Michigan Air–Line Railway

Overview
- Headquarters: Walled Lake, Michigan
- Reporting mark: MAL
- Locale: Oakland County, Michigan
- Dates of operation: 2006–2011
- Predecessor: Coe Rail, Inc./Grand Trunk Western

Technical
- Track gauge: 4 ft 8+1⁄2 in (1,435 mm) standard gauge
- Length: 8.07 miles

= Michigan Air-Line Railway =

Railroad in Oakland County, Michigan, United States

The Michigan Air–Line Railway was a short-line railroad in Oakland County, Michigan, United States.
It ran from West Bloomfield, Michigan to Wixom, Michigan, where it connected to CSX. The headquarters and station were in Walled Lake, Michigan. The name was owned by Railmark Holdings, Inc. The railroad ran its last Michigan Star Clipper Dinner Train on December 31, 2008.

On November 12, 2009, Railmark announced that it was selling the railroad to Browner Turnout.
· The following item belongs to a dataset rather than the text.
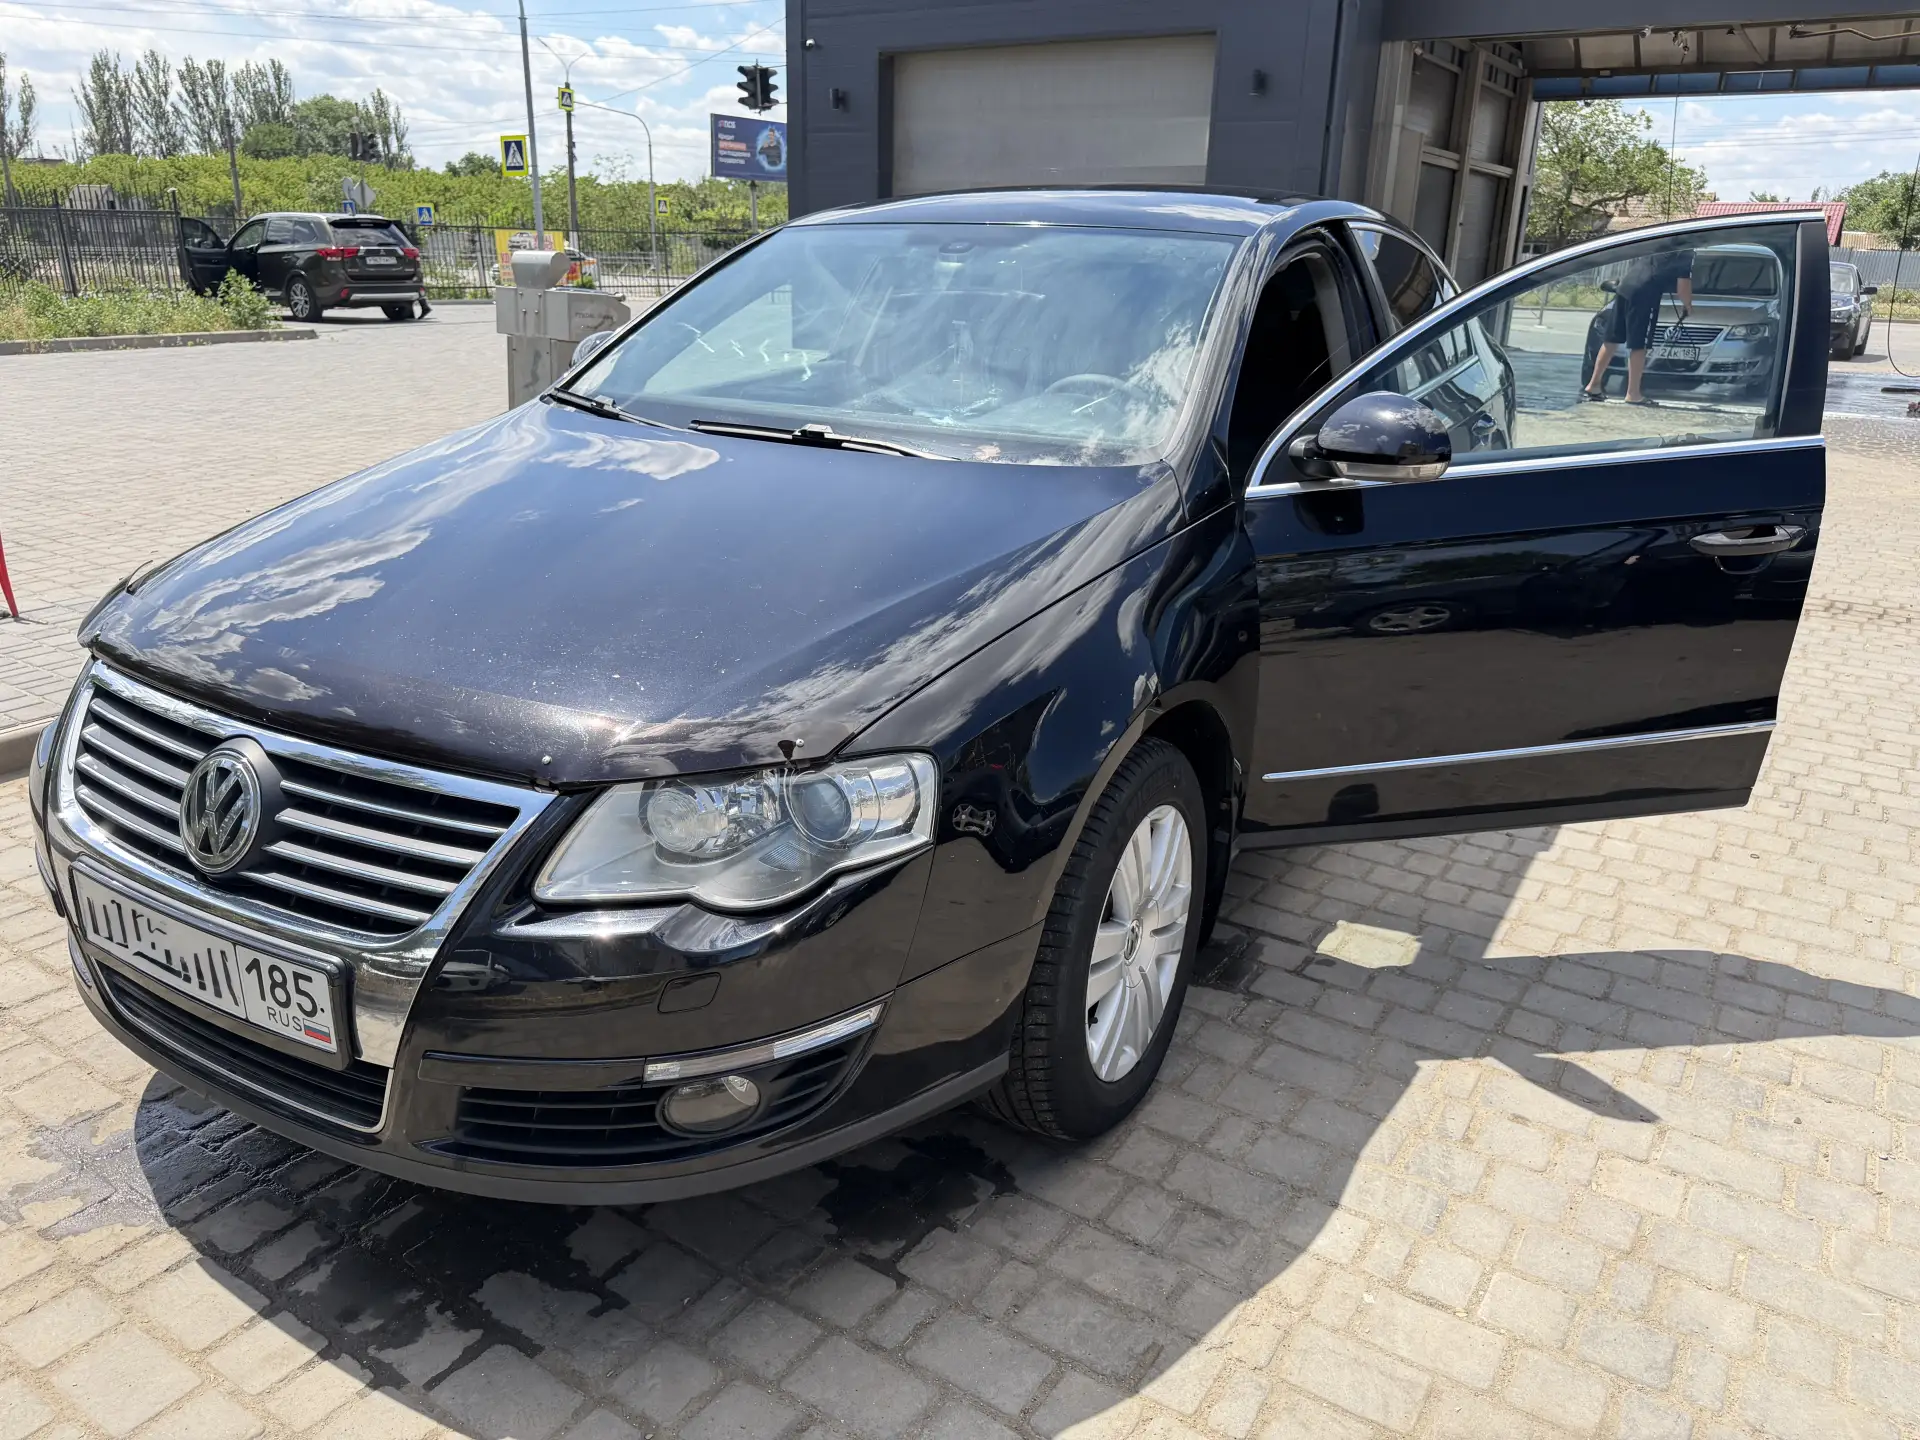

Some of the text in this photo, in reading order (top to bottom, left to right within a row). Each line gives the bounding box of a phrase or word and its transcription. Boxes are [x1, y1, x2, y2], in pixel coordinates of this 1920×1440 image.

[182, 752, 257, 870] VW
[245, 957, 318, 1018] 185
[267, 1006, 302, 1032] RUS
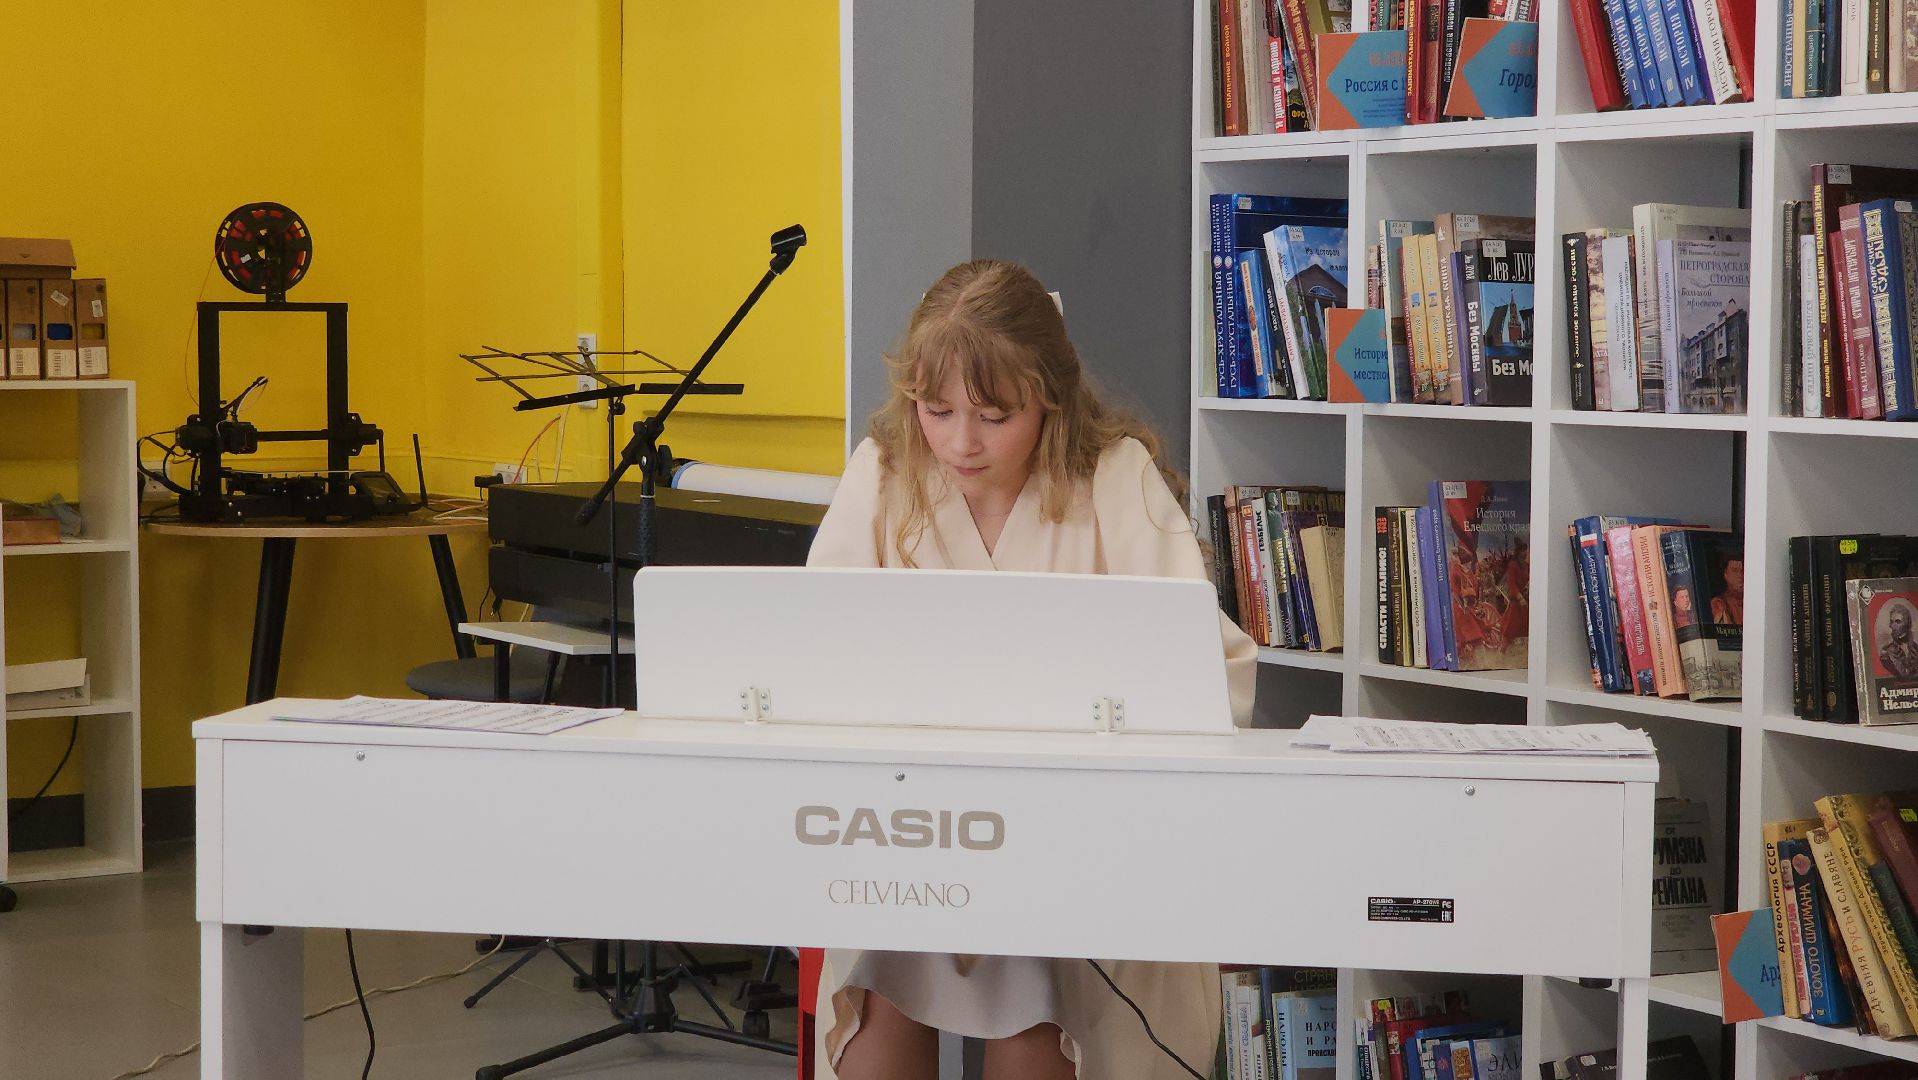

With the Michigan Star Clipper Dinner Train no longer in service, the Eastern end of the railroad from Haggerty Rd. to Arrowhead Rd. (6.9 miles) was no longer needed and sold to West Bloomfield Parks and Recreation Commission. It was used to complete the West Bloomfield Trail.

On January 28, 2011, the railroad applied with federal officials to abandon its remaining 5.45 mile route from the interchange in Wixom to the end of track now at Haggerty Rd. Abandonment was approved on October 18, 2011. The remaining railroad was removed in spring of 2012.

The 5.45 miles which were removed in 2012 became the Michigan Airline Railway Trail, connected on the East to the West Bloomfield Trail and on the West to the Huron Valley Trail. All are key parts of the 240 miles long Great Lake to Lake Trail Route 1 which will follow the old Michigan Air Line Railroad across the state.